Así amaneció el pasado 19 de setiembre la Gobernación de Cañar, Ecuador, con consignas y monigotes contra la policía y el femicidio de María Belén Bernal. Foto: Twitter / David Quintuña Rodríguez
Así amaneció el pasado 19 de setiembre la Gobernación de Cañar, Ecuador, con consignas y monigotes contra la policía y el femicidio de María Belén Bernal. Foto: Twitter / David Quintuña Rodríguez

El asesinato de María Belén Bernal, en Ecuador, me retrajo directamente a aquellos días cargados de dolor e impotencia luego de la desaparición de Cristina Siekavizza, en Guatemala. Dos casos muy parecidos: dos mujeres cuyos pedidos de auxilio fueron ignorados por quienes consideraron que la situación se encuadraba como un “conflicto de pareja” y en cuya desaparición hubo complicidad de las autoridades. Casos emblemáticos ambos, cuyos ecos derribaron las compuertas y despertaron la indignación de la opinión pública, tal y como sucede en Irán por el asesinato de Mahsa Amini, torturada hasta morir en manos de la policía.

Aun con olas de protestas y campañas destinadas a elevar la presión sobre las autoridades, queda patente cómo el sistema se protege a sí mismo, utilizando el tiempo y los medios a su favor para eludir la responsabilidad.

Eso permite corroborar, una vez mas, que la indignación no basta si no se acompaña de acciones radicales con el propósito de cambiar esas estructuras patriarcales sólidamente insertas en una cultura de discriminación y desprecio por la mujer.

Los efectos del machismo y la misoginia, institucionalizados y elevados a la categoría de ley, persisten en nuestros países tanto como en aquellos sometidos a gobiernos con estrictas normas religiosas cuya fuerza restrictiva golpea, con especial énfasis, al segmento femenino de la sociedad. Pero nosotros, desde el falso escenario de la cultura occidental y la débil estructura de nuestras democracias, nos afanamos por condenarlos, aunque somos capaces de abandonar a niños, niñas y mujeres en manos de las redes de trata, abuso sexual y violencia machista, sin cuestionar nuestra postura moral.

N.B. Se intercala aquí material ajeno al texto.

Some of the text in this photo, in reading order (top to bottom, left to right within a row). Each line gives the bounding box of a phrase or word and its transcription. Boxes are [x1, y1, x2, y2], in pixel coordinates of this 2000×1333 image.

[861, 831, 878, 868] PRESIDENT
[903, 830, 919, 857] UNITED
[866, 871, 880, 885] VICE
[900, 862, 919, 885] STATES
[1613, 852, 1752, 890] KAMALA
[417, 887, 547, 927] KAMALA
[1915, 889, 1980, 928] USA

Que no me digan que exagero. Que no me digan: “es culpa de las mujeres”, porque a todos nos consta la barrera de obstáculos erigida en nuestros países tercermundistas para hacer imposible las denuncias. Me consta, por haberlo visto de cerca, el trato humillante de las autoridades -policías, fiscales y jueces- ante los casos de violación, de acoso y de feminicidio, con el cual re victimizan a quienes deberían proteger, y fallan al escatimarles la garantía de una justicia pronta. No me digan que los órganos encargados de administrar esa justicia cumplen con su deber de investigar, perseguir y castigar a los culpables, porque esas instancias -como la mayoría de instituciones de nuestros países- han estado siempre al servicio de los victimarios. Para comprobarlo, basta con echar una mirada a los índices de impunidad ante este tipo de denuncias, los cuales alcanzan cifras de espanto.

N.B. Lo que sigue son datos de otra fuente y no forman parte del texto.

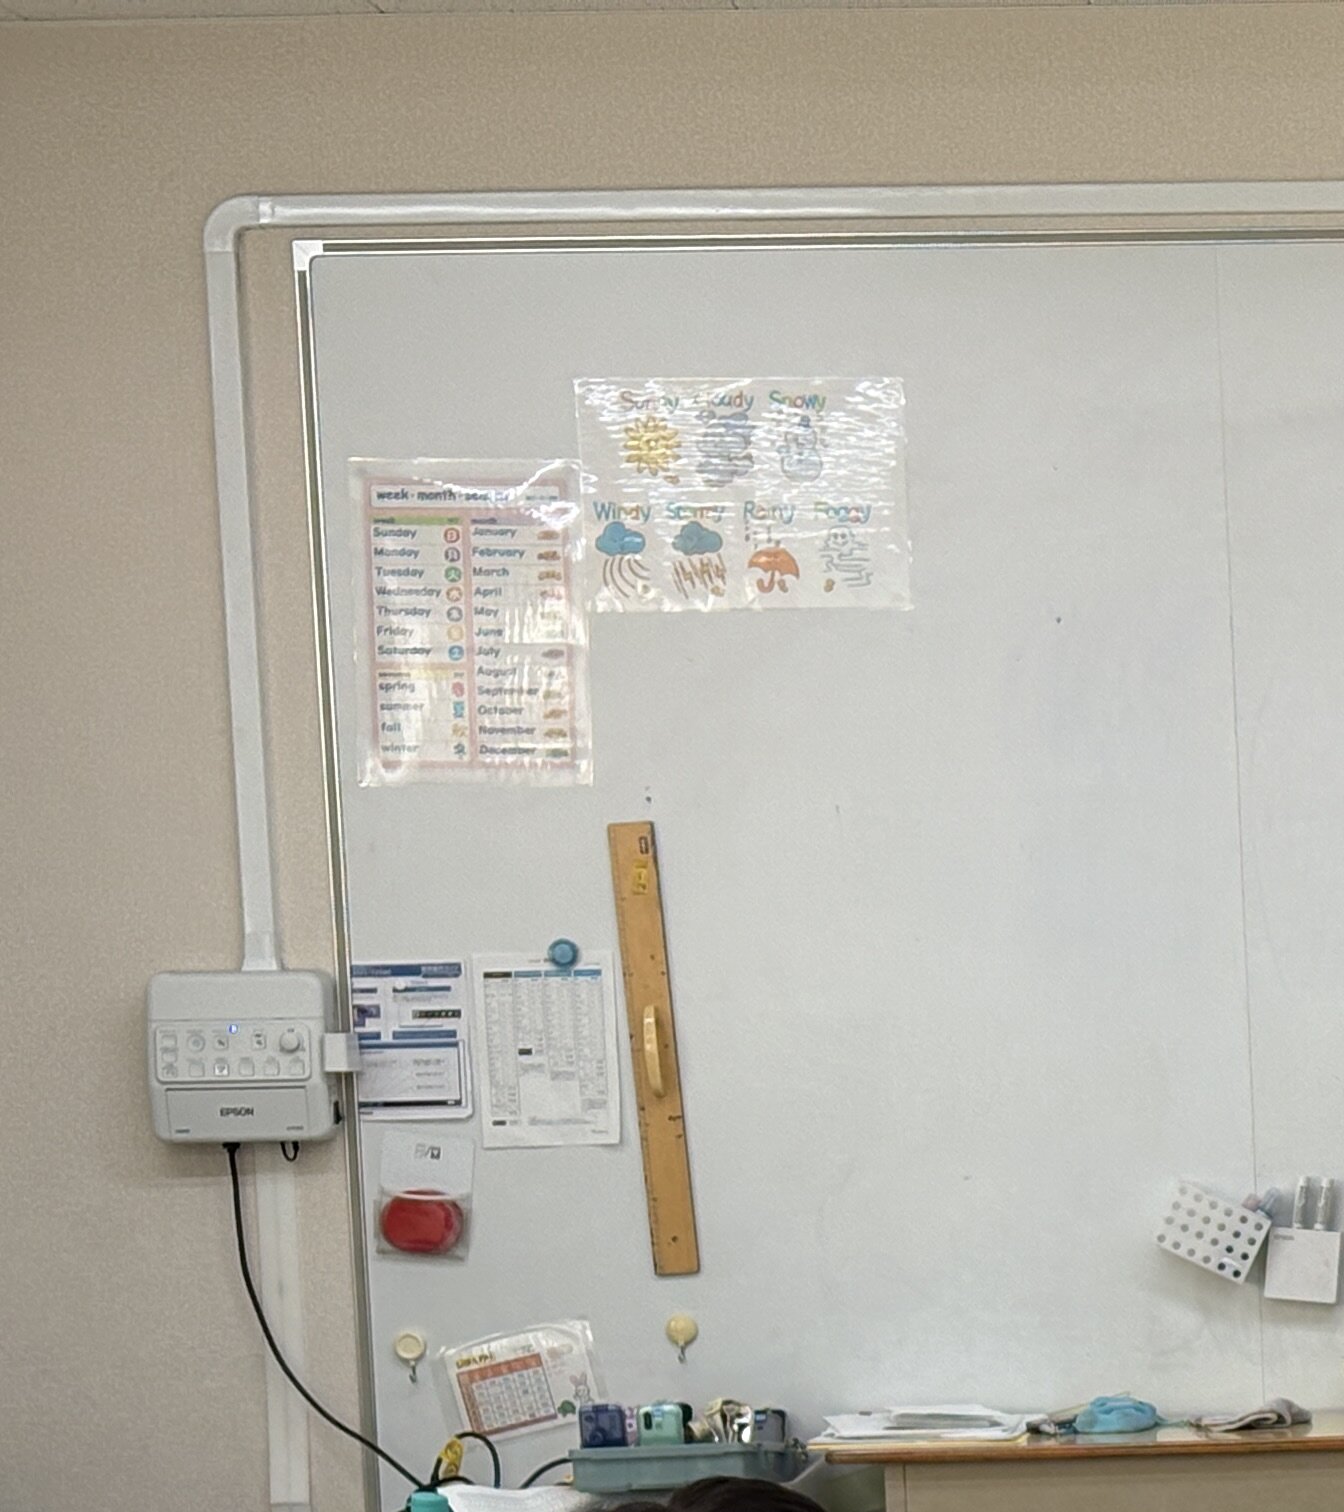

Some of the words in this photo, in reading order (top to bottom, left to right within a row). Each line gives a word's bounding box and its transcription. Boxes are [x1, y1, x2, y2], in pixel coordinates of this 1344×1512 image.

[592, 501, 652, 524] Windy
[373, 527, 417, 539] Sunday
[472, 547, 525, 559] February
[375, 567, 425, 579] Tuesday
[472, 567, 510, 577] March
[474, 586, 502, 598] April

No me digan tampoco que un caso es más importante que otro, solo porque la víctima pertenece a una cierta categoría social. Porque no importa el nivel educativo, económico o social, una niña o una mujer violentada tiene los mismos derechos a recibir atención prioritaria cuando se encuentra en una situación de violencia, dentro o fuera de su hogar. En ciudades, pueblos y aldeas de nuestras naciones, son miles las niñas, adolescentes y mujeres desaparecidas, a quienes jamás buscan las autoridades. Las organizaciones criminales dedicadas a la trata tienen sus bases instaladas en despachos oficiales, gozan de protección, operan a sus anchas y eso es parte fundamental de la realidad incontestable que nos rodea, la cual hemos naturalizado al punto de ni siquiera reflexionar sobre ella.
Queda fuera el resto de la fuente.